Support healthy sleep

If your sleep cycles have been all over the place, you may want to review your exercise schedule. Physical activity increases energy-boosting hormones like cortisol and adrenaline.

But too much exercise overproduces these hormones, making it harder to get quality sleep. Rest supports healthy sleep by letting your hormones return to a healthy, balanced state.

Signs you need a rest day

How do you know when you’ve been pushing it far too often and for too long? If you notice any of the following signs, it might be time to take a break:

  • Pain: Constant muscle or joint pain might be a sign of an overuse injury. If it simply refuses to go away, what you need may be better-planned rest days.
  • Sore muscles: Although soreness is normal after exercise, persistent soreness is not. It may mean your muscles have failed to recover from past workouts.
  • Sleeping issues: Hitting the sack far too infrequently? You just might be operating on a constant adrenaline buzz you don’t need. Cut back and get some rest.
  • Fatigue: It’s normally okay to feel a bit tired after moderate to intense workouts. But if you constantly feel extreme exhaustion, you may need to let your body rest.
  • Reduced performance: If your normal routine feels difficult or if you stop seeing progress, you may need some rest.
  • Emotional changes: Changes like crankiness, irritability and mood swings may be due to hormonal imbalance. Some quality rest days should set you right.
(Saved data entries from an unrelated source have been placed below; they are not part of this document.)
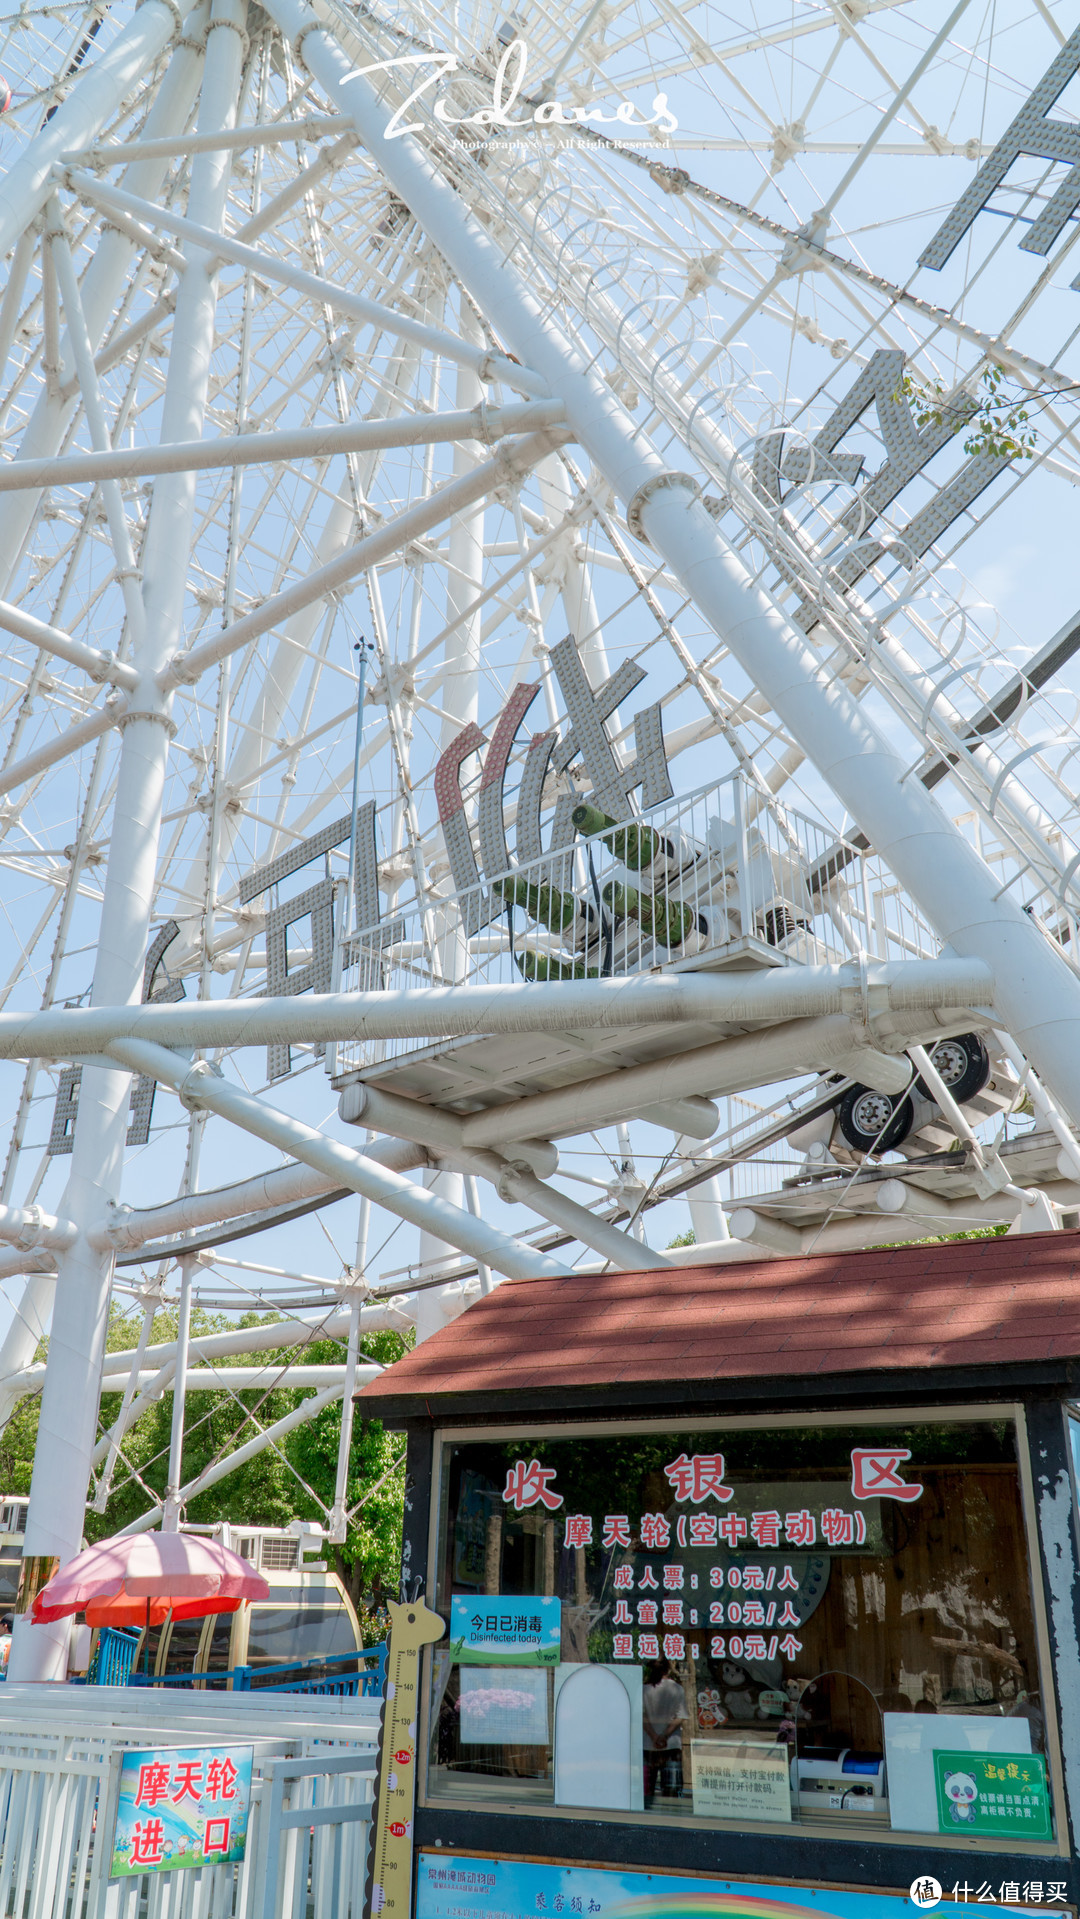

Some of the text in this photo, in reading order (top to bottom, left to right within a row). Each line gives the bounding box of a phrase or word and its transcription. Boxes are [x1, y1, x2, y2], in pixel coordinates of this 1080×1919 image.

[502, 1448, 924, 1510] 收银区
[471, 1614, 543, 1633] 今日已消毒
[470, 1632, 542, 1646] Disinfected today
[406, 1649, 416, 1657] 150
[400, 1717, 411, 1725] 130
[396, 1752, 411, 1761] 1.2m
[982, 1762, 1031, 1782] 温馨提示
[133, 1756, 239, 1808] 摩天轮
[395, 1789, 405, 1797] 110
[392, 1824, 404, 1834] 1m
[128, 1816, 231, 1868] 进口
[389, 1861, 397, 1870] 90
[387, 1899, 395, 1907] 80
[534, 1891, 602, 1915] 乘客须知
How to make the most of your rest days

Rest days are all but useless to you if they’re not done right. To get the most out of your rest day, consider the following:

Nutrition

Generally, you don’t need as many calories on rest days since you’re not as active. But rather than set about omitting a specific number of calories, let your body lead the way. It’ll naturally require less food through satiety and hunger cues.

Ensure you get enough protein into your system. Adequate protein intake helps with muscle repair and growth. 1.2 to 2.0 grams of protein per kilogram of body weight each day is recommended for active people. Make to space this evenly throughout the day.
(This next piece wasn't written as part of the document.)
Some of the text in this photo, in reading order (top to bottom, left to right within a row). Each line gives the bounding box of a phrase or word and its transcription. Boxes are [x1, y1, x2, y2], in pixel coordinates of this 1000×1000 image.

Also, focus on complex carbs to restore your glycogen levels. You’ll need between 3 to 10 grams per kilogram of body weight per day, depending on your activity level. Make sure to stay hydrated throughout the day too. This helps prevent muscle cramps. Fruits and vegetables will also offer healthy carbs that aid recovery.

Yoga

Yoga is one of the best things to do on a rest day. It helps improve breathing, body awareness and flexibility. It will help you loosen your muscles and build strength at the same time.
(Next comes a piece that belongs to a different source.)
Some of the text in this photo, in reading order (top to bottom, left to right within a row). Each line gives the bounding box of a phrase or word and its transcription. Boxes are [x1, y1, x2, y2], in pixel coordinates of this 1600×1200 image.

A few well-chosen routines will promote calmness and leave you refreshed enough to face the next workout. You don’t have to sweat at it either. Only 10 to 15 minutes per day will do.

Low-impact workout

Rest days don’t necessarily mean off days as far as exercise is concerned. You can still stay active through low impact workouts that let you exercise without overstressing your body.

Walking, dancing, biking, and casual swimming are all great activities that will also help you enjoy your exercise and relax while you’re at it.

Conclusion

So, keep in mind that while exercise does you a world of good, it’s no use to you if you’re a burned-out shell.

Plan your activities carefully between light-moderate and moderate-intense activities with evenly spaced rest days. This ensures that you get the absolute optimum out of your workouts and still feel great afterward.